* _What is expected_: Please give, exactly as they appear below, the line with "this 1440×1280 image." and every line after it through the final one, and nothing else.

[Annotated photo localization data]
--
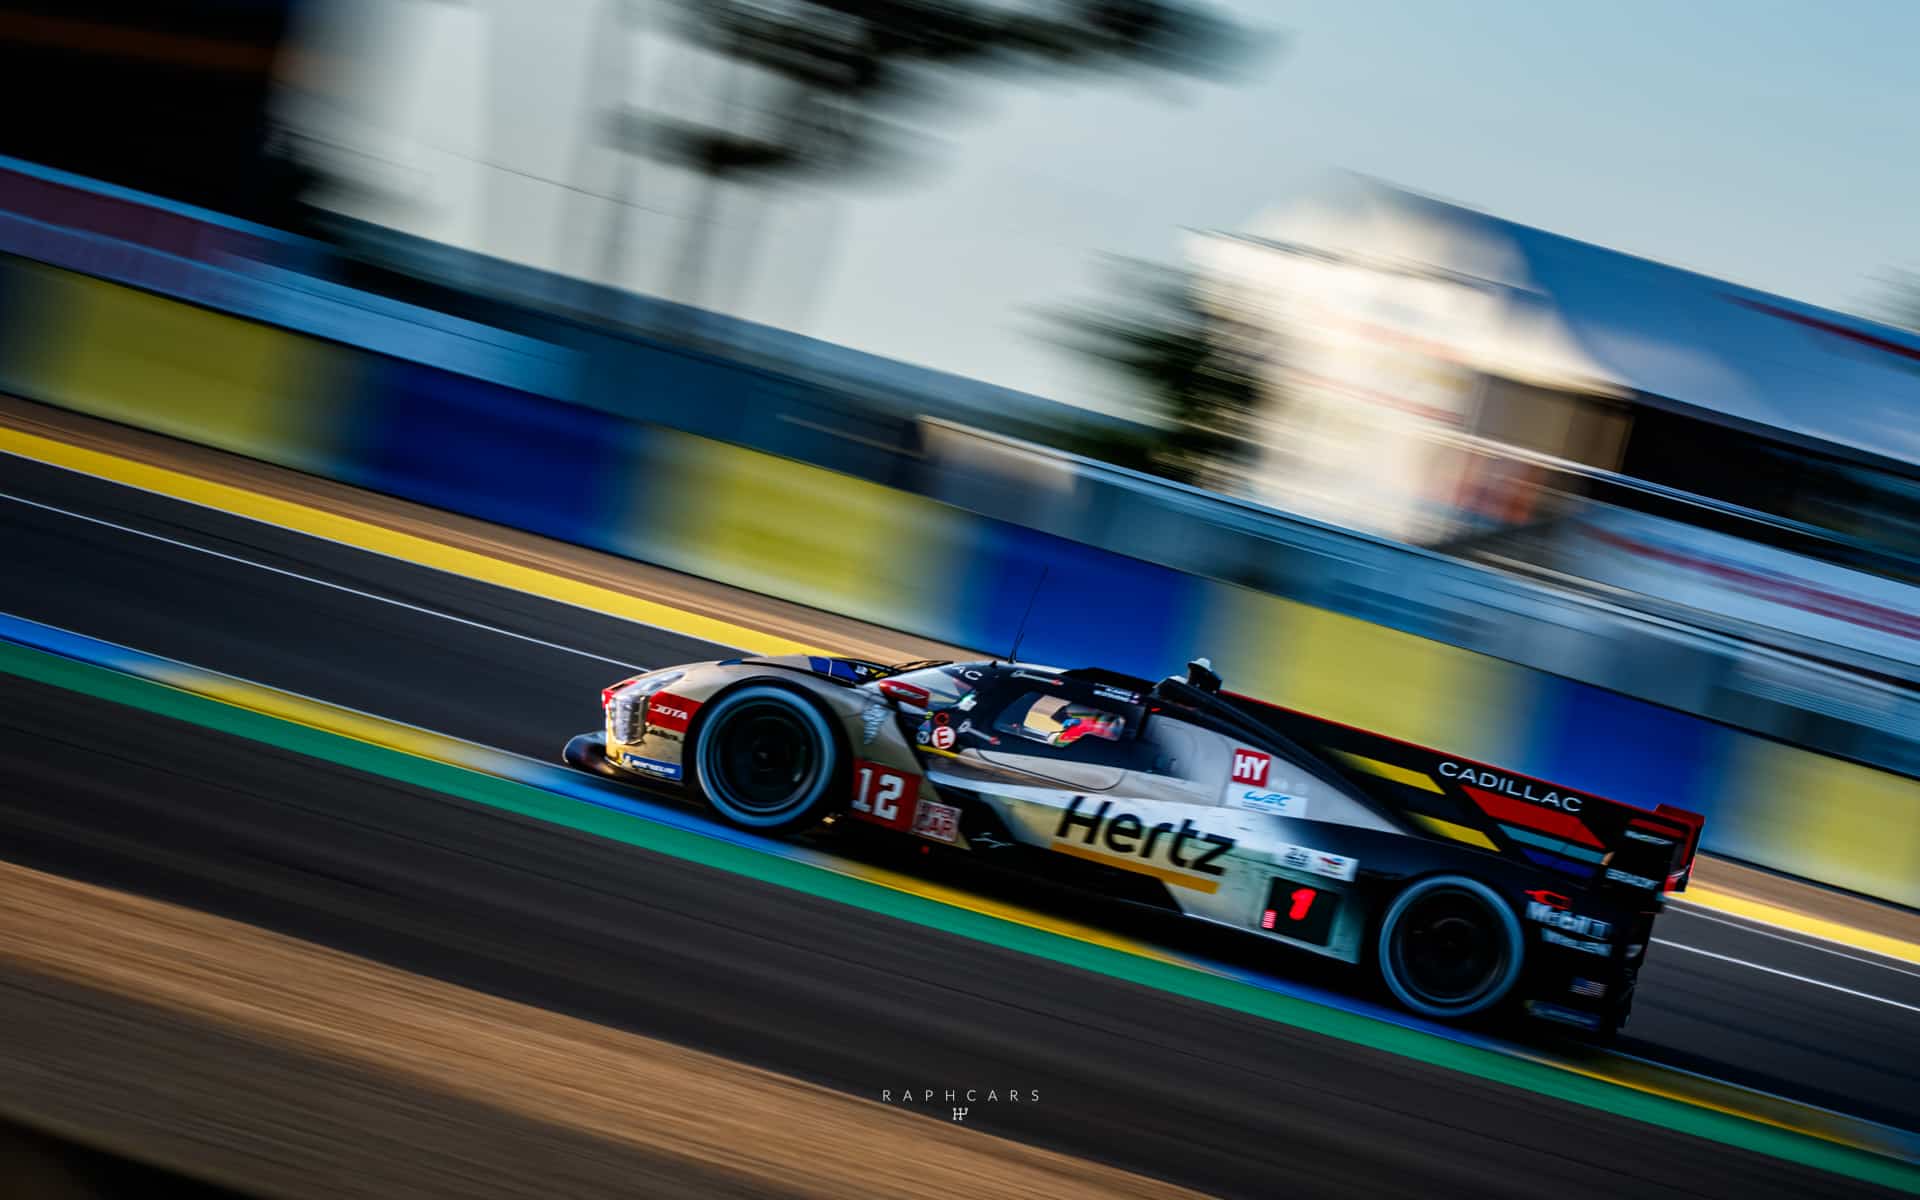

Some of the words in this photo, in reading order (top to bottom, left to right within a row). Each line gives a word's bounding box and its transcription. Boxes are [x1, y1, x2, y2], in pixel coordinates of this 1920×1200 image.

[648, 703, 688, 720] JOTA
[1233, 754, 1269, 781] HY
[852, 768, 904, 821] 12
[1243, 790, 1292, 807] WEC
[1438, 761, 1582, 812] CADILLAC
[1056, 795, 1236, 876] Hertz
[1289, 888, 1318, 921] 1
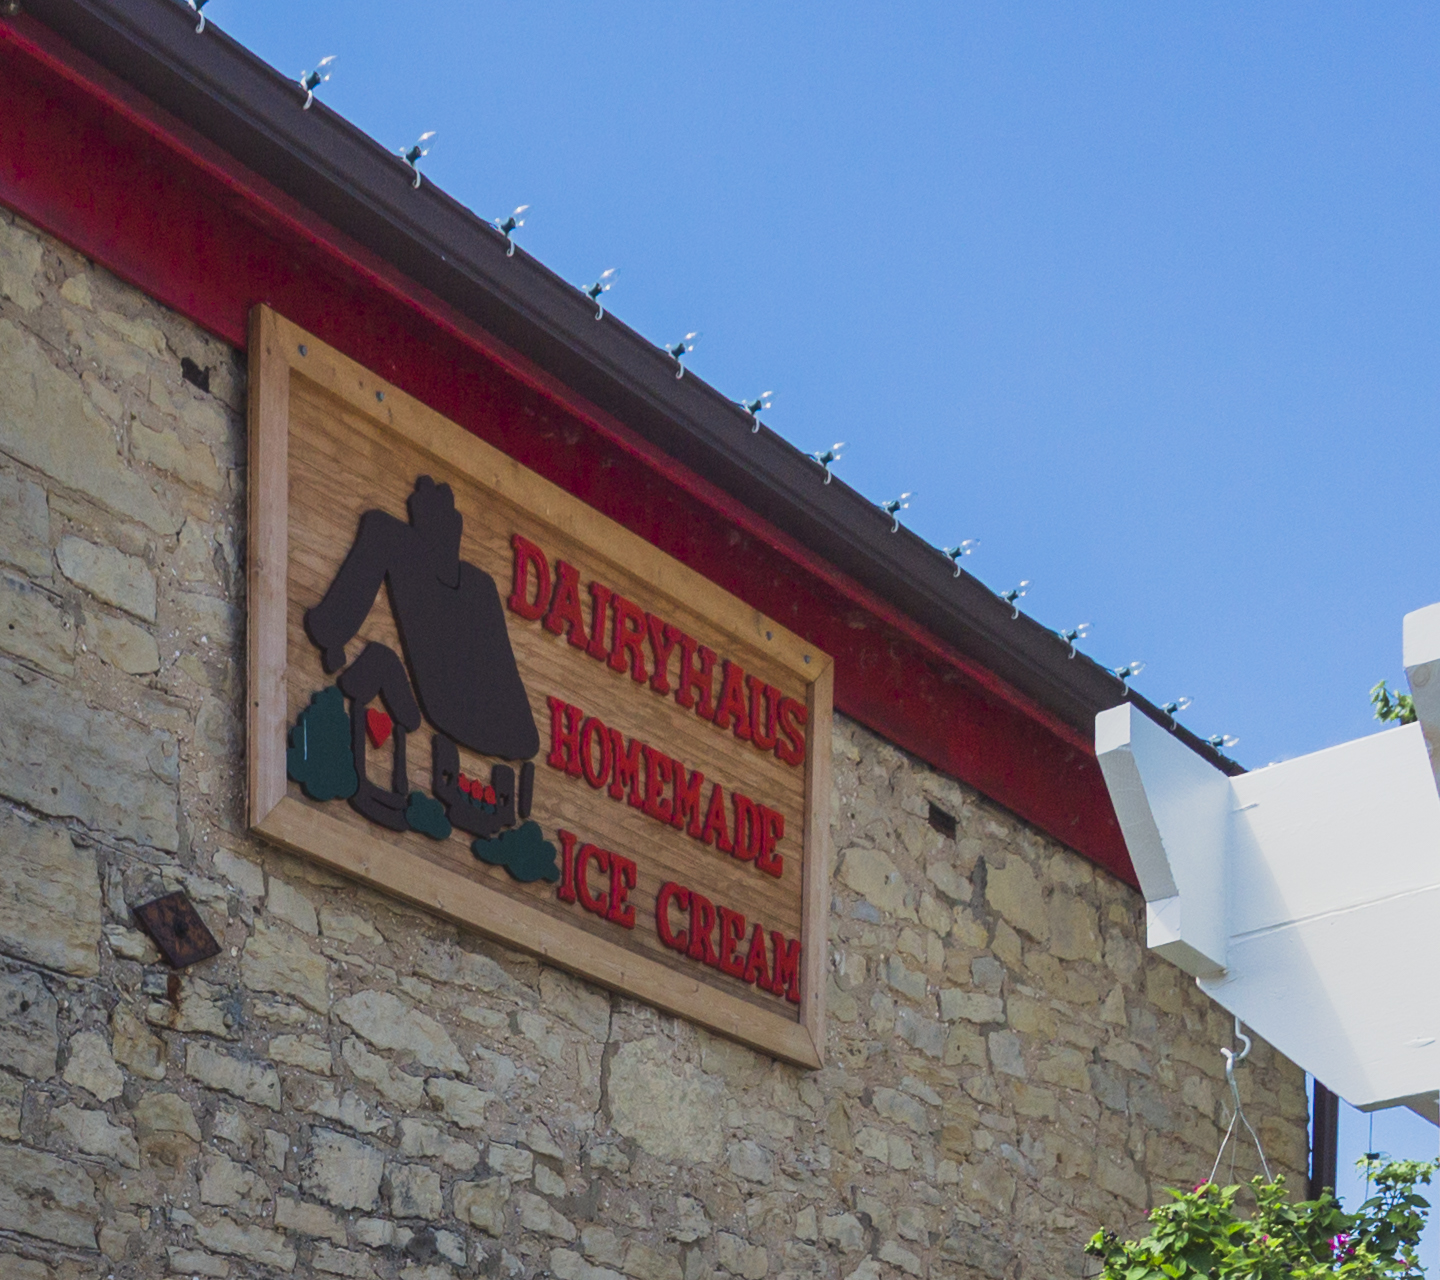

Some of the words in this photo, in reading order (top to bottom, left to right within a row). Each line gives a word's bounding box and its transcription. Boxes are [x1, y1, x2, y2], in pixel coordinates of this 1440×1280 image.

[507, 533, 809, 767] DAIRYHAUS
[546, 696, 785, 878] HOMEMADE
[556, 829, 637, 930] ICE
[655, 880, 802, 1004] CREAM
--
* _Exercise output_:
Some of the words in this photo, in reading order (top to bottom, left to right within a row). Each line gives a word's bounding box and its transcription. Boxes are [x1, y1, x2, y2], in pixel coordinates of this 1440×1280 image.

[507, 533, 809, 767] DAIRYHAUS
[546, 696, 785, 878] HOMEMADE
[556, 829, 637, 930] ICE
[655, 880, 802, 1004] CREAM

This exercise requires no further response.